Many who enter a Twelve Step program are weary of religious fanaticism and choose the group itself as a higher power. It is something greater than the individual, and therefore counts.
Becoming aware of a higher power allows people to focus more on the world outside themselves. This world also ceases to seem cold or overwhelming as the individual always has a higher power and the group to rely on.
The group has a common goal, to stay abstinent from all mood and mind altering substances. The nature of this teaching is to be nonjudgmental of others, giving everyone involved an increased sense of comfort and belonging. Because of this, the individual’s personal higher power is accepted, whatever it may be.
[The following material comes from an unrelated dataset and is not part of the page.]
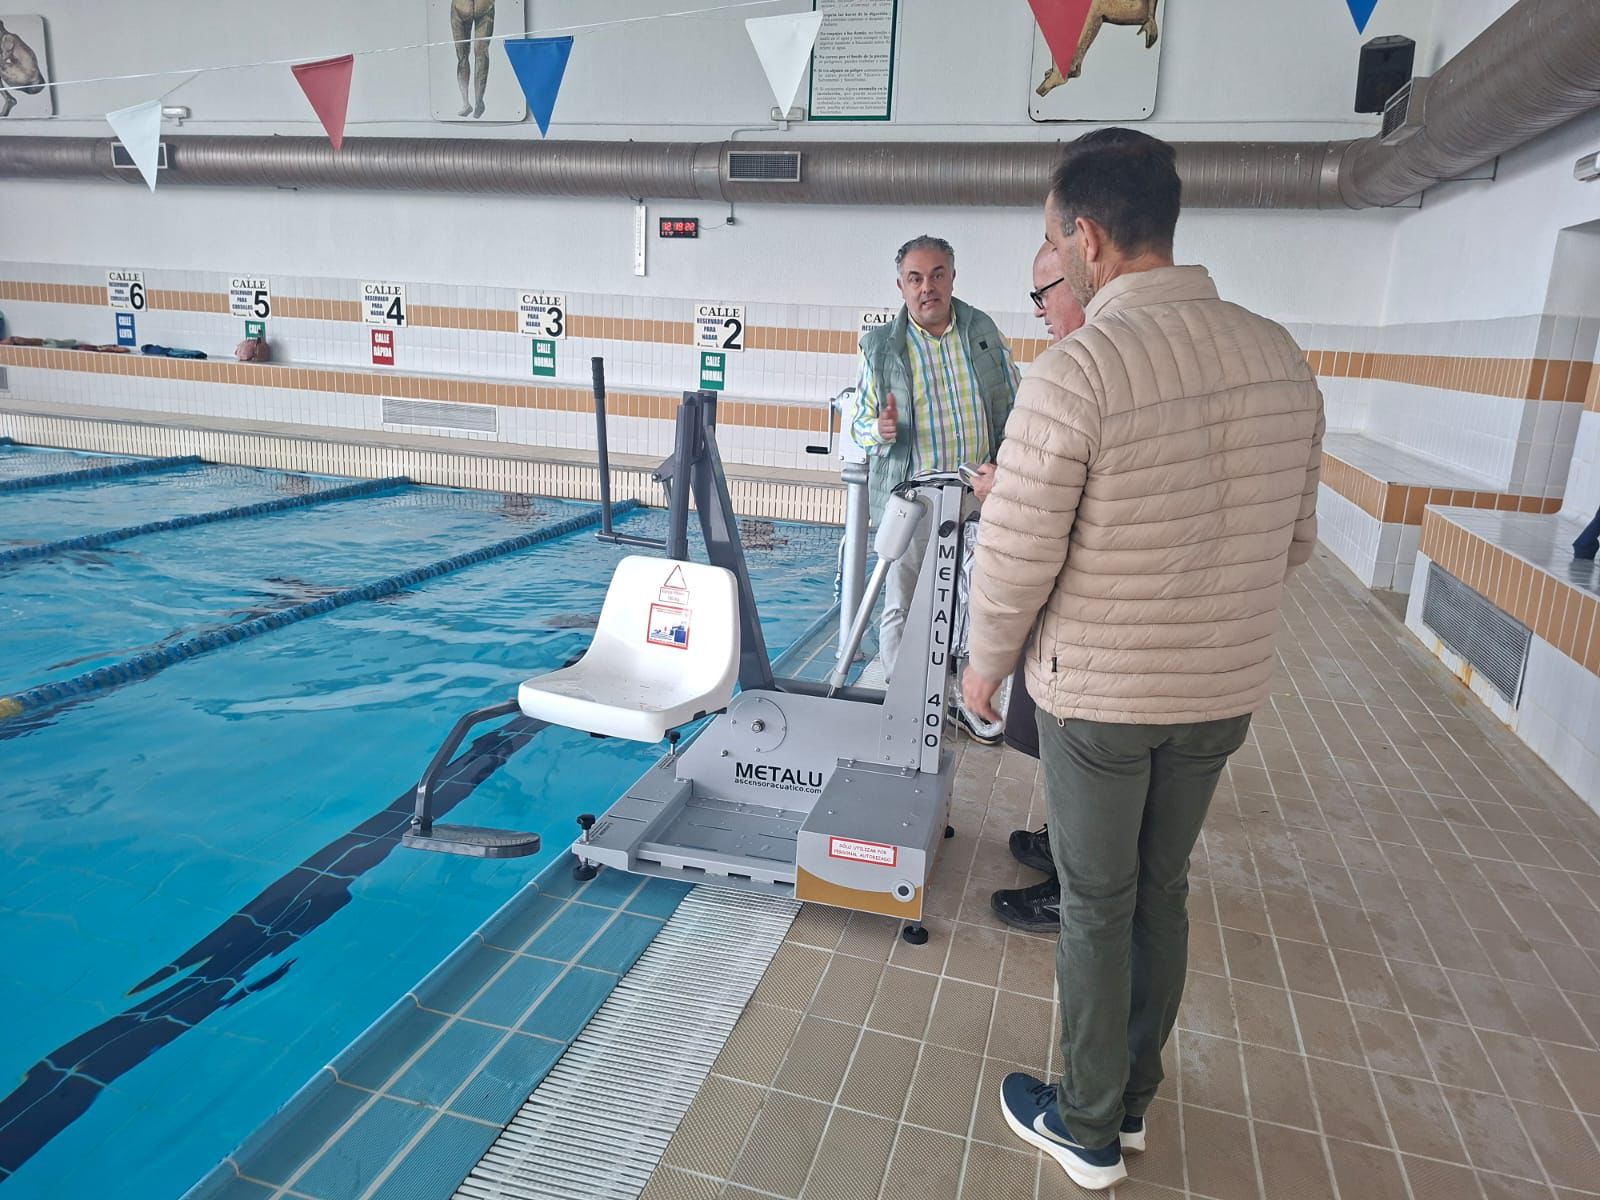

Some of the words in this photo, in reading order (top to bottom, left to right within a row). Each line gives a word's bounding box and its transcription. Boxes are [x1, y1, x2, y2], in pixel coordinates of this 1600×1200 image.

The group aspect of the program allows for the individual to gain human connection, which is typically nonexistent while a person is intoxicated. The social support triggers the release of oxytocin, the neurochemical responsible for feelings of attachment, comfort, and is associated with “love at first sight.”
The principles of Twelve Step groups help bring members closer together and increase well-being and reduce stress, which itself is often a trigger for relapse. These principles, such as humility, honesty, integrity, faith, and brotherly love, help promote human connection. The program is a healthy support network that brings people together and promotes positive relationships.
The disease of addiction is said to be comprised of three characters: an allergy of the body, an obsession of the mind, and a spiritual malady. The bodily intolerance is remedied with abstinence. The obsession of the mind is relieved through working the Twelve Steps and cleaning up the wreckage of the past. The spiritual malady is remedied with prayer and meditation.
“As we go through the day we pause, when agitated or doubtful, and ask for the right thought or action. we constantly remind ourselves we are no longer running the show, humbly saying to ourselves many times each day “Thy will be done.” We are then much less danger of excitement, fear, anger, worry, self-pity, or foolish decisions. We become much more efficient. We do not tire so easily, for we are not burning up energy foolishly as we did when we were trying to arrange life to suit ourselves.” Alcoholics Anonymous, (pp. 87-88)
The founders of Alcoholics Anonymous realized that addiction is centered in the mind and cannot be overcome with the same diseased organ. More than the individual, working alone, is needed to truly make peace with the past and forge forward into a bright and happy future.